Strictly speaking this is not specific to remote execution, e.g. QEMU
allows running ARM binaries on x86 systems, however, with remote
execution we expect this to be much more common.

Projects need to be able to explicitly request an execution
environment. For local builds BuildStream will check whether the local
environment is a match and report a friendly error otherwise. With
remote execution this will make sure that a suitable worker is
assigned, and otherwise also report an error.

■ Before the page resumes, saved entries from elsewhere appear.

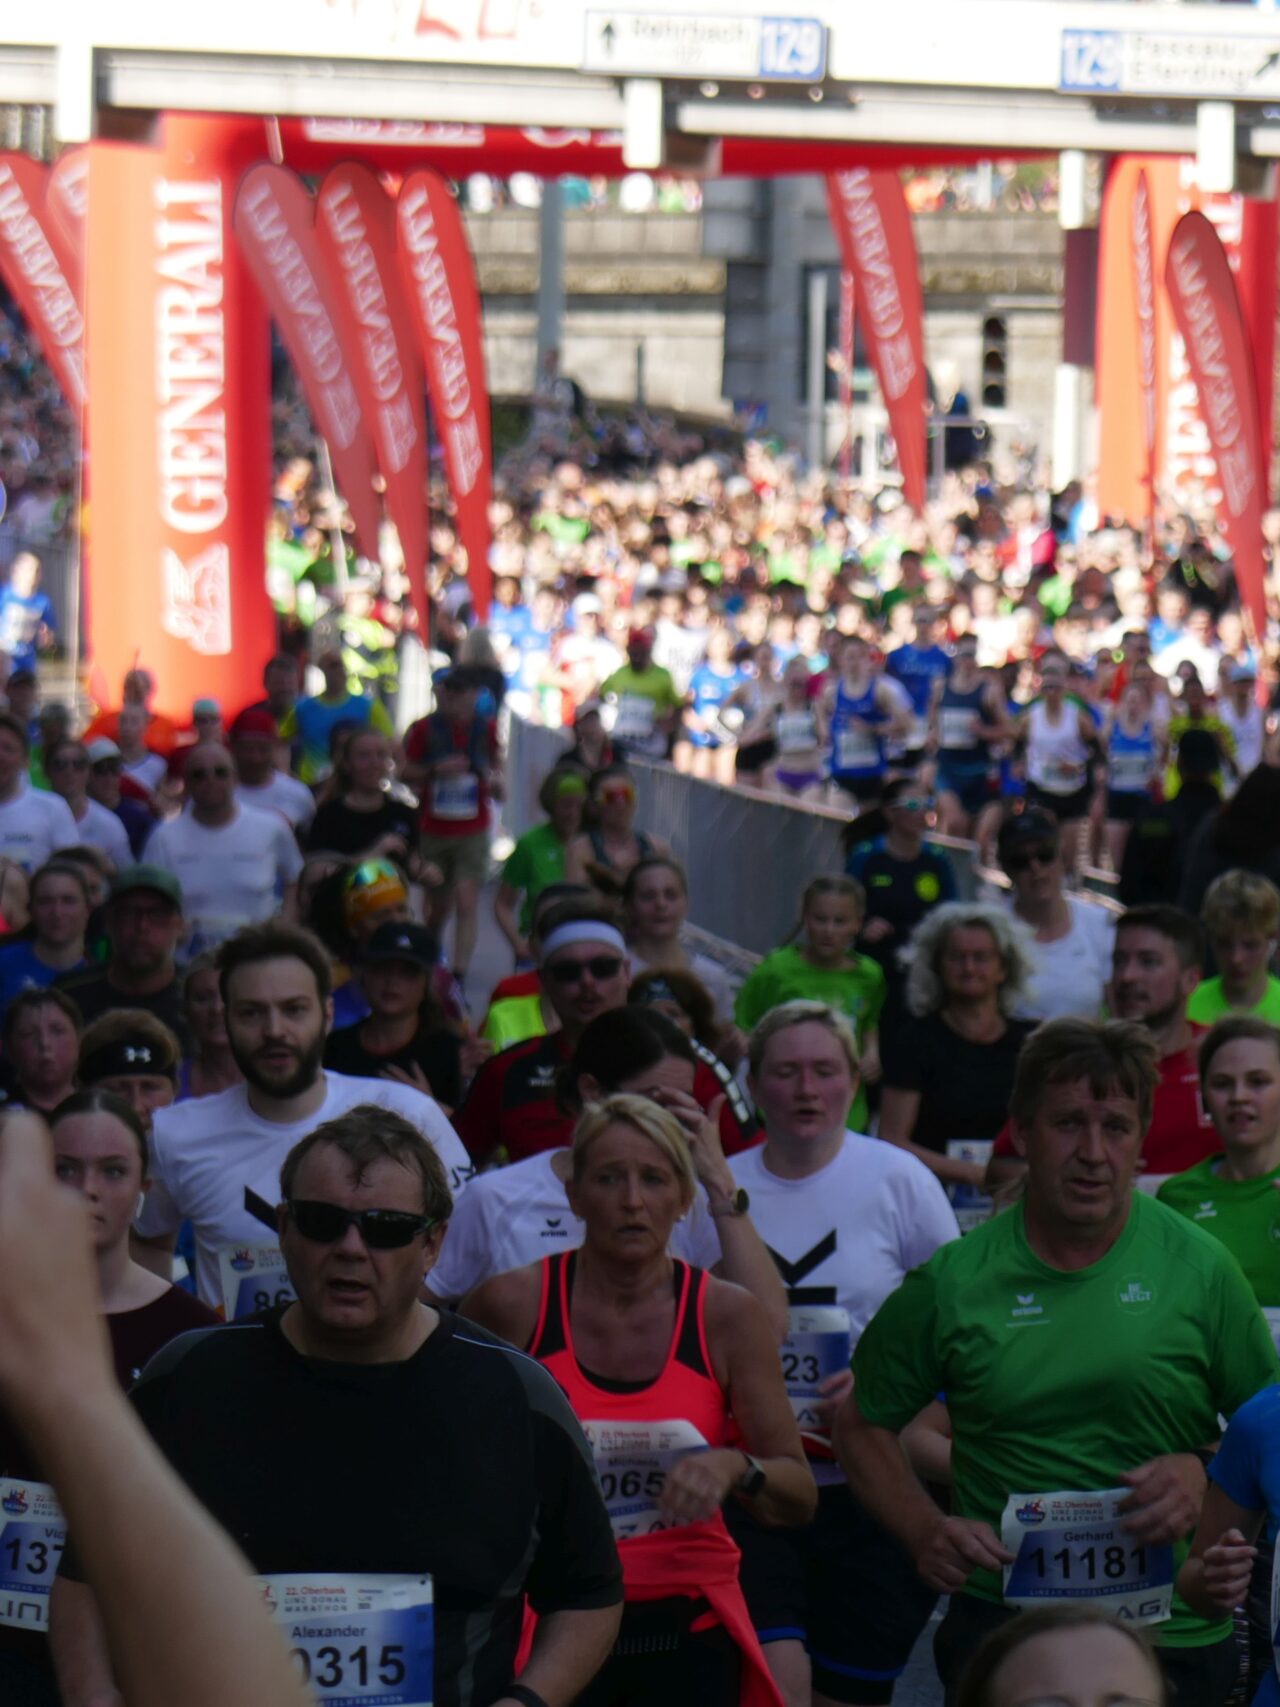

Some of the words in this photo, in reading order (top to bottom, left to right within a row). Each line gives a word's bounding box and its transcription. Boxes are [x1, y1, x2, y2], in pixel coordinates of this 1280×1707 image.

[761, 21, 820, 75] 129
[1064, 35, 1119, 86] 129
[155, 178, 229, 534] GENERALI
[782, 1354, 820, 1383] 23
[600, 1471, 667, 1501] 065
[1063, 1531, 1114, 1543] Gerhard
[1028, 1546, 1147, 1580] 11181
[1117, 1599, 1161, 1619] AG
[292, 1625, 366, 1639] Alexander
[289, 1644, 406, 1688] 0315
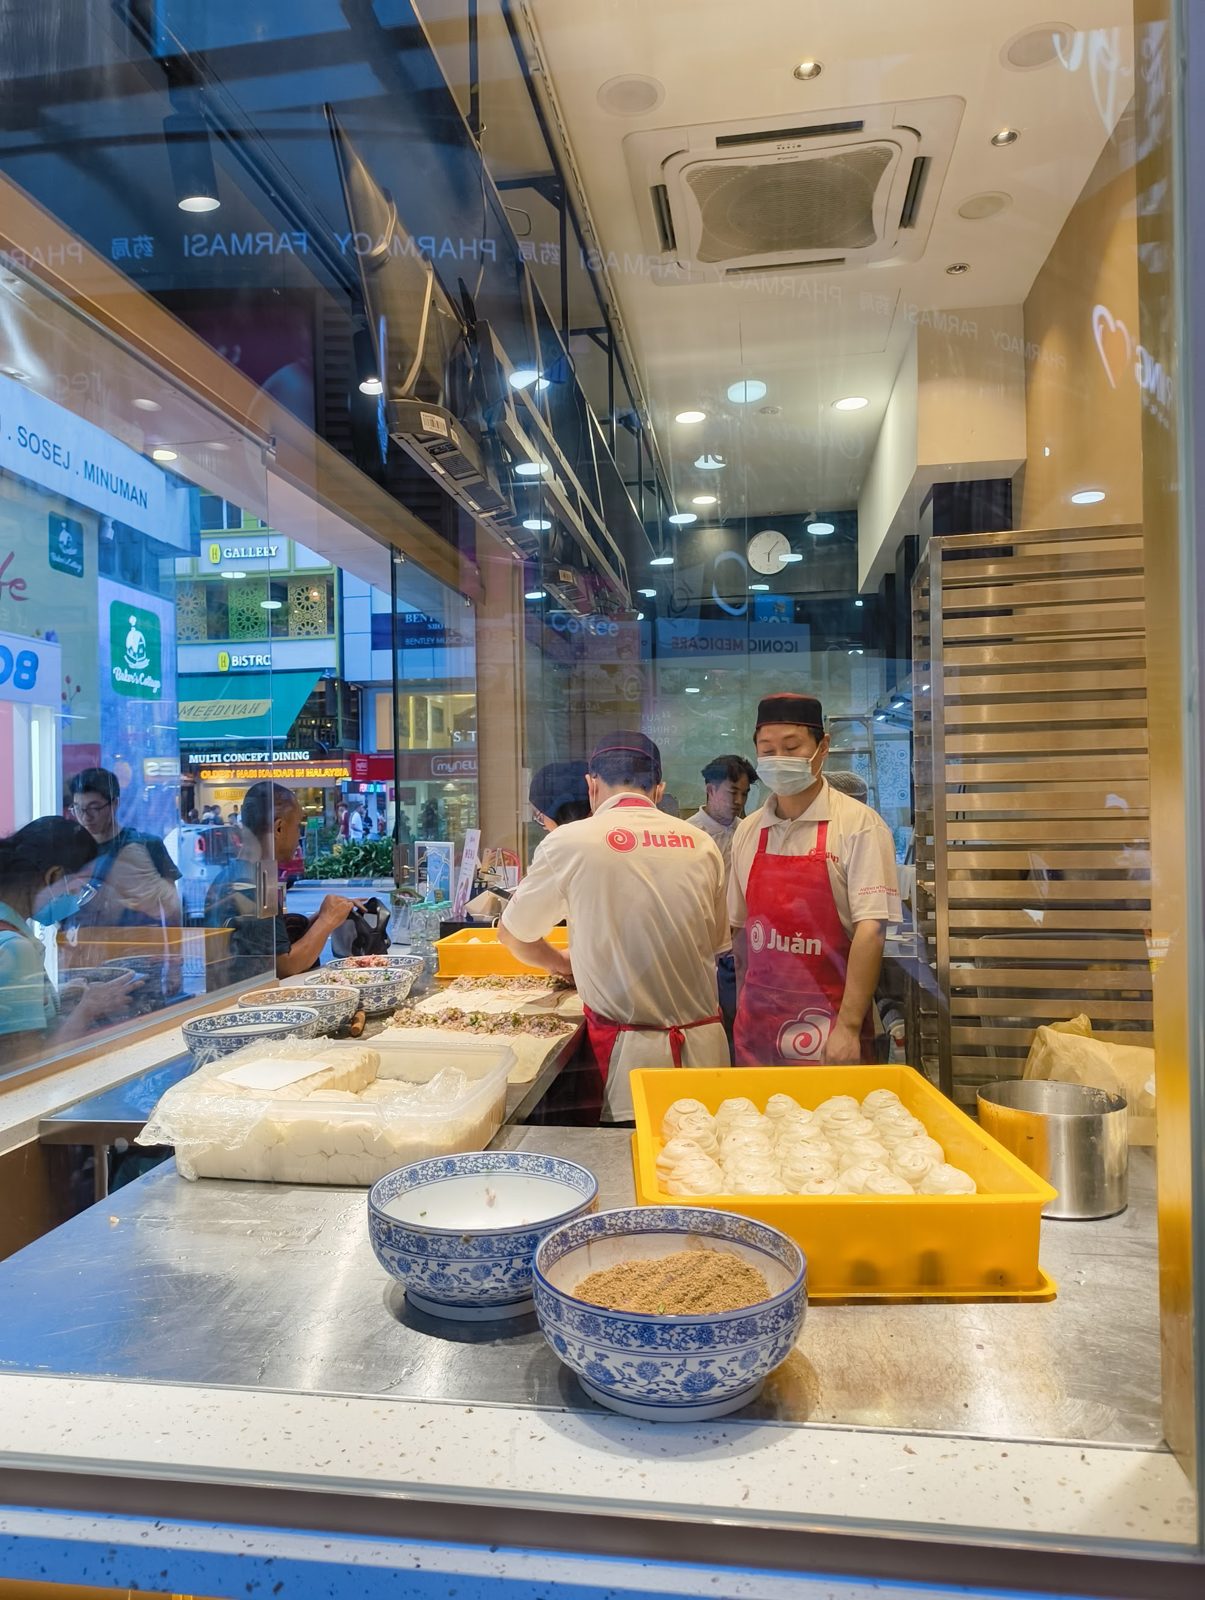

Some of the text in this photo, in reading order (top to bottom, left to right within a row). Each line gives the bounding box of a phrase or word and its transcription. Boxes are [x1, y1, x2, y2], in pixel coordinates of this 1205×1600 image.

[17, 425, 149, 510] SOSEJ MINUMAN
[189, 751, 309, 764] MULTI CONCEPT DINING
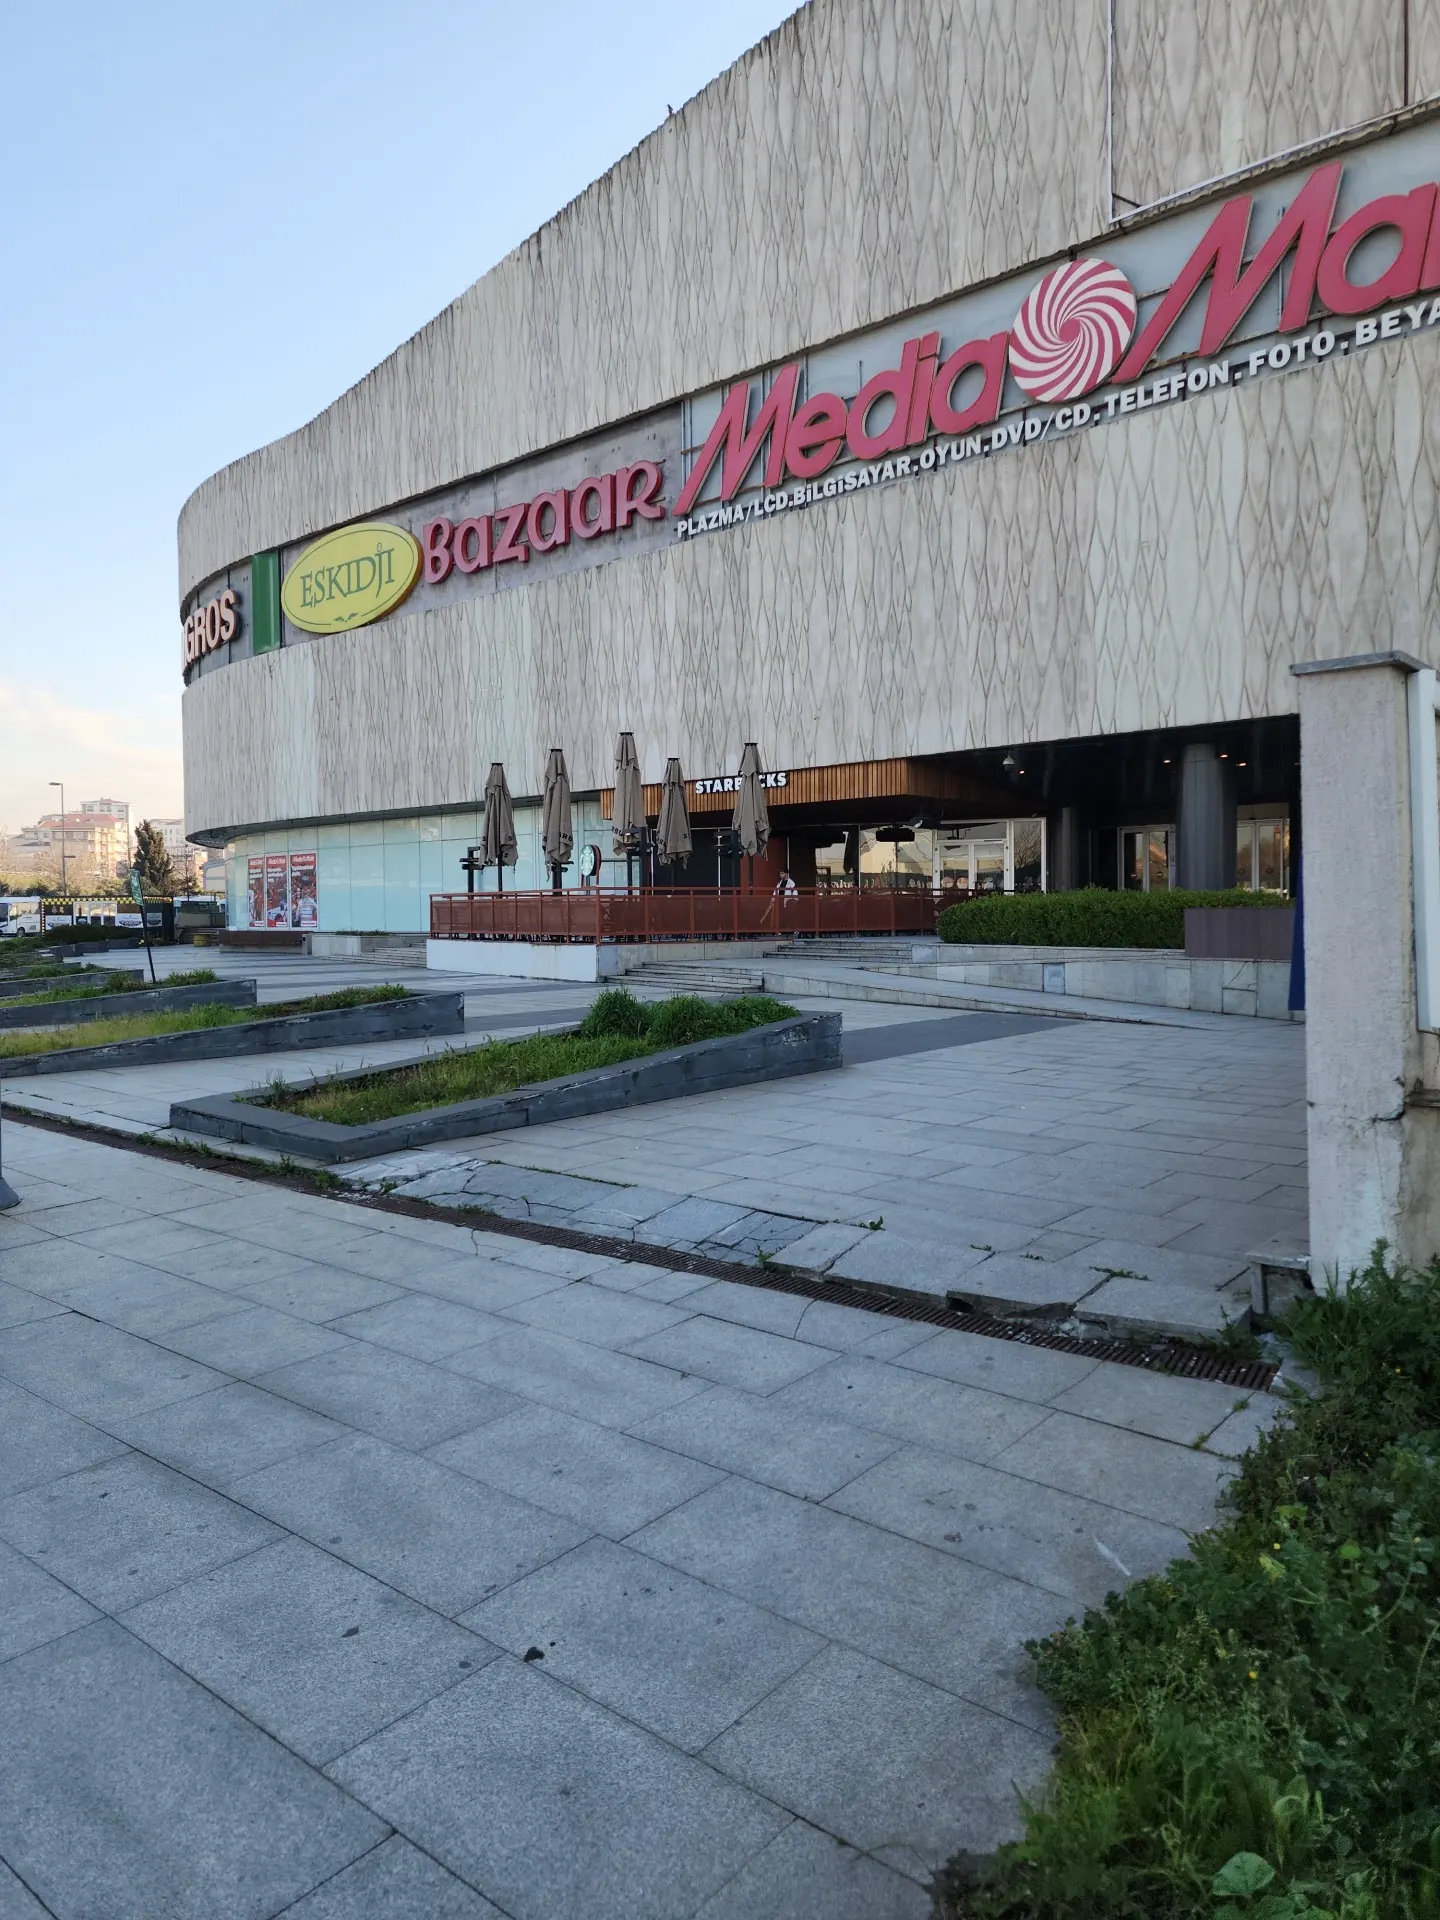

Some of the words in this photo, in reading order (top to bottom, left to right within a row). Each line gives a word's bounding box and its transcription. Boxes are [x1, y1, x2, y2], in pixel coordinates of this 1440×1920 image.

[672, 332, 1011, 516] Media
[1111, 161, 1440, 383] Ma
[695, 772, 787, 794] STARBCKS

While the Bazel Remote Execution API has a mechanism for platform
properties, the details are not standardized yet. As we can't wait for
this to happen, I'm proposing minimal support for requesting the
execution environment, in a way that we can support and later extend.
Future extensions can hopefully be aligned with the upstream Remote
Execution API.

+1.  I noticed there are related topics on the bazel-dev list as well:
https://groups.google.com/forum/?utm_medium=email&utm_source=footer#!msg/bazel-dev/wKacIE4MIRM/nukf2F7hBQAJ
 
The proposal is to extend the `sandbox` configuration for this purpose
with two keys: os and arch

    os
    ~~
    This is a string indicating the OS family / kernel. I think it's
    sensible to use the output of `uname -s` for this on POSIX systems.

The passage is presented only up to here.